With his confidence building, Rankin pushed the character of Rebus in
Wolfman
a bit further, as he told me: ‘I didn’t know Rebus at all in book one – he was really only a means of leading the reader from one place to another. By the end of book two, I felt maybe he was going to be around for longer than I’d intended, so book three allowed me to flesh out his character. By this time, I’d
also grown in confidence as a writer, so I stretched myself a little, and some of this went into the character.
38

We do get a few more nuggets of character description regarding Rebus in
Wolfman
. At one stage he is regarded as tall. His chin is a little saggy for a man in his early forties, but he does have a strong handshake. He doesn’t have a very muscular chest. His gut and backside have taken
the weight, not his chest and arms. Also, he has a strong personality. In
Wolfman
he gives as good as he gets from the London Police Force and never lets his focus slip from the hunt for the serial killer.

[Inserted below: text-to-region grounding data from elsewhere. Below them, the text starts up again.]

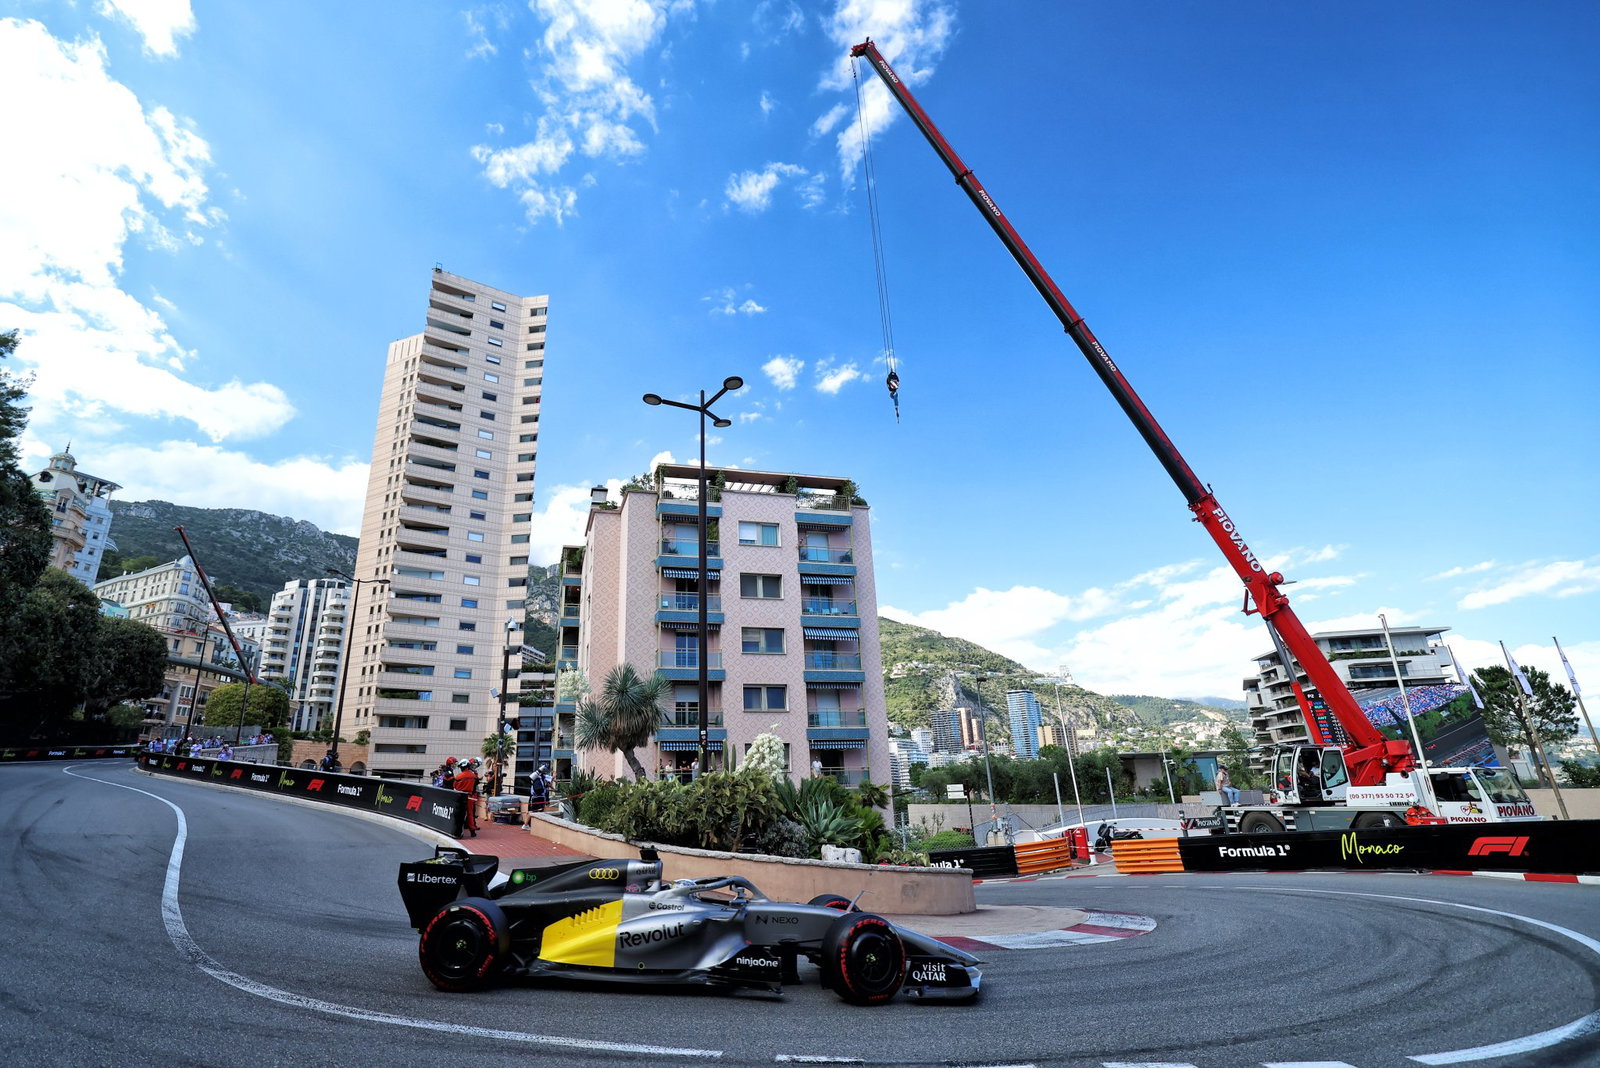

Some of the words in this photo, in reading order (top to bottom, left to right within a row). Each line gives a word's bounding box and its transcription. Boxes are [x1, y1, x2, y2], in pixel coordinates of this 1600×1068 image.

[879, 60, 899, 83] PIOVANO
[979, 190, 1000, 216] PIOVANO
[1092, 341, 1117, 372] PIOVANO
[1212, 508, 1262, 572] PIOVANO
[251, 773, 266, 782] Formula
[337, 784, 357, 796] Formula
[432, 803, 449, 818] Formula
[1497, 805, 1535, 816] PIOVANO
[1218, 846, 1276, 858] Formula
[1341, 831, 1404, 864] Monaco
[1467, 836, 1530, 856] F1
[417, 873, 457, 884] Libertex
[525, 873, 537, 882] bp
[656, 902, 684, 911] Castrol
[619, 922, 684, 948] Revolut
[736, 956, 778, 968] ninjaOne
[922, 962, 946, 972] visit
[912, 970, 946, 982] QATAR
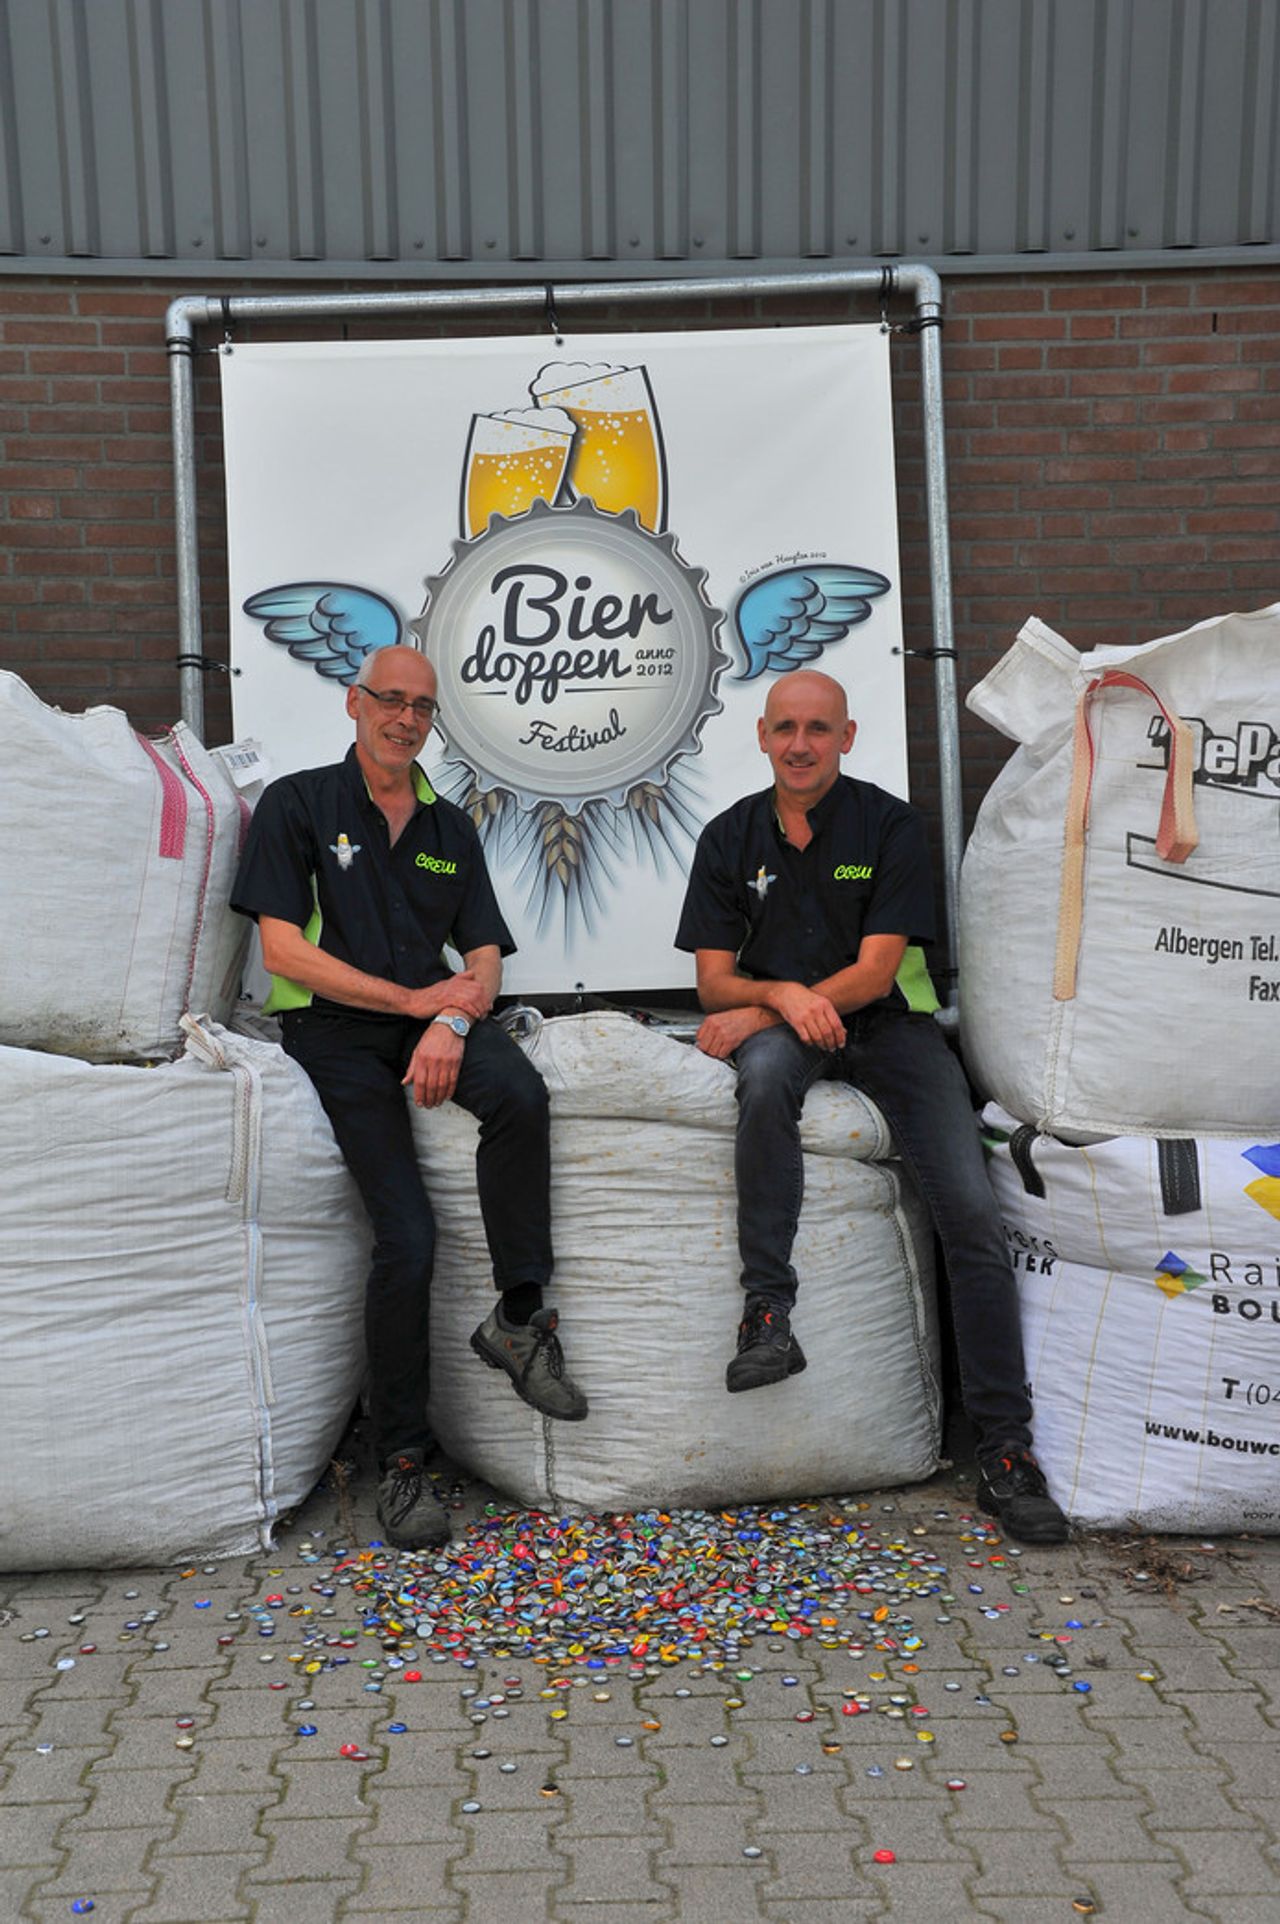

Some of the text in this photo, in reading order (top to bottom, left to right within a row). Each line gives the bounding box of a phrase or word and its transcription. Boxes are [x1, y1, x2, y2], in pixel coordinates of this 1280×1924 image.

[491, 564, 673, 646] Bier
[461, 625, 632, 705] doppen
[635, 648, 677, 660] anno
[636, 664, 673, 676] 2012
[518, 708, 627, 752] Festival
[415, 852, 457, 875] CREW
[1154, 926, 1279, 964] Albergen Tel.
[1249, 975, 1280, 1001] Fax
[1210, 1253, 1280, 1287] Rai
[1145, 1421, 1280, 1456] www.bouwc
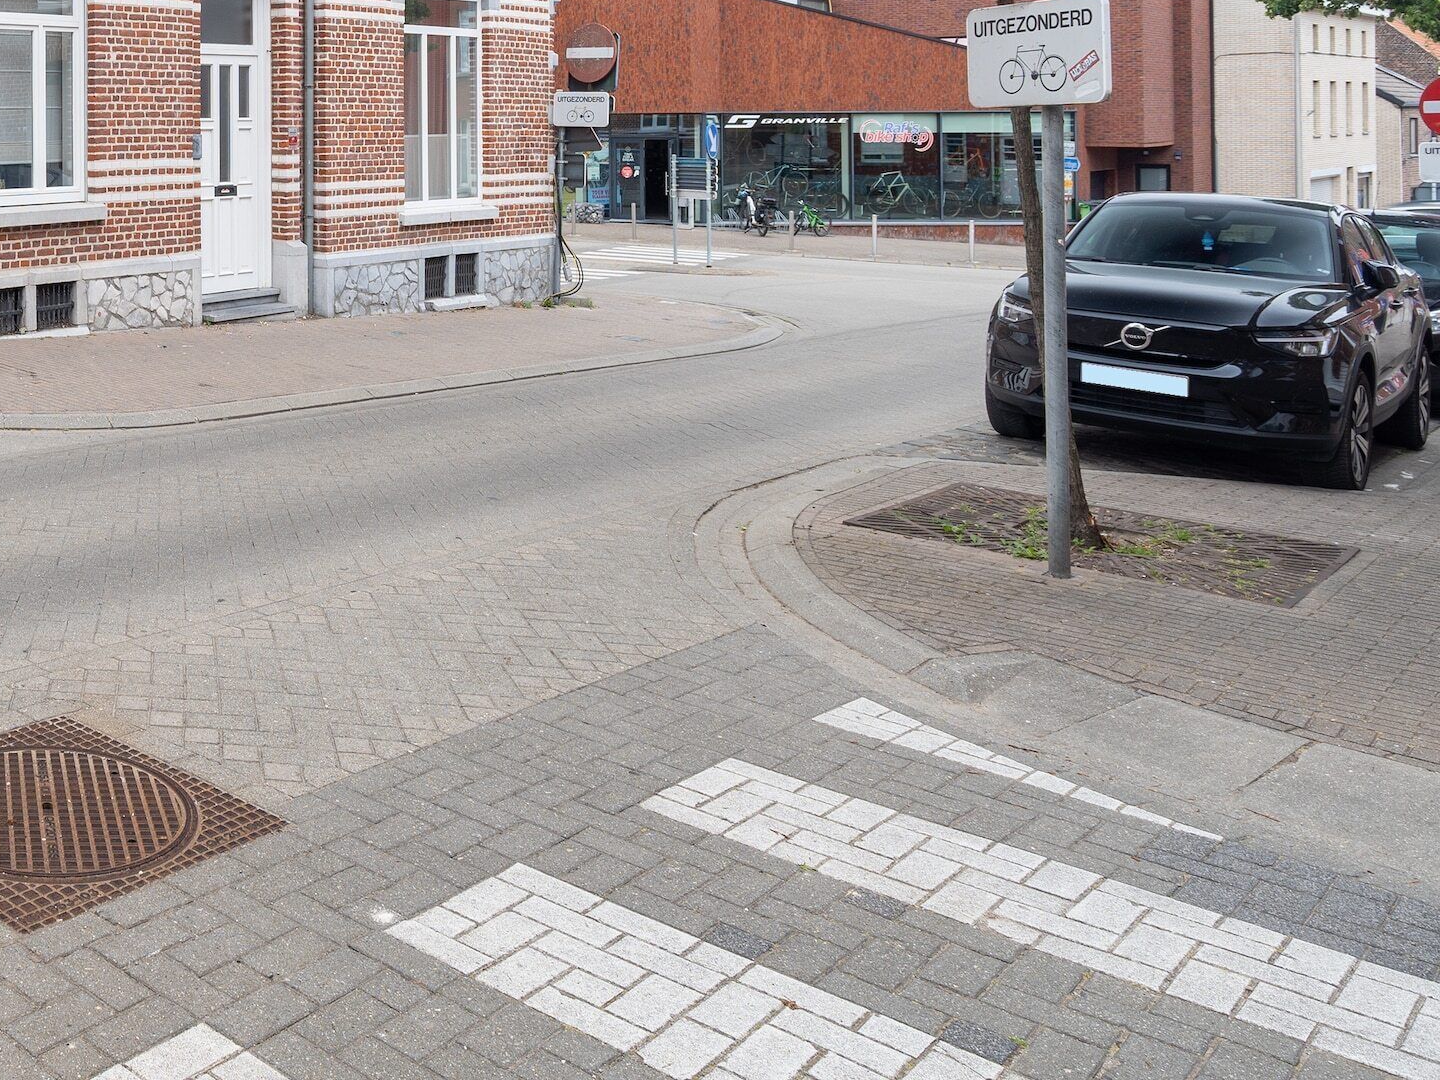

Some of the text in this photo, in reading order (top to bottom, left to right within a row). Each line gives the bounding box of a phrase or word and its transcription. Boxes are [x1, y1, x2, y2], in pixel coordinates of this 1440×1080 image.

[973, 8, 1093, 38] UITGEZONDERD
[760, 117, 850, 125] GRANVILLE
[865, 130, 929, 145] bike shop

‘Her job had become merely that: a job. Maybe one day Rebus would feel the same way. But he hoped not.’

Wolfman

The above line sums up all of Rebus’s heartache. He always gets totally
immersed in the seriousness of the cases he works on and, because of that, he loses every other aspect of his life: wife, child, less serious friendships, and becomes an alcohol-loving, junk-food-consuming, rock ‘n’ roll victim. Maybe that’s going a bit too far, but was it all worth it, particularly when we note that Rebus has ‘more ambition than ability’? Also Rebus has baggage from his brief army
career; one can appreciate that drink kept many of those haunting demons at bay but he’s still a workaholic.

‘… a quarter to five, everyone in the outer office had already quit for the day, but Rebus hardly registered the fact. His mind was elsewhere.’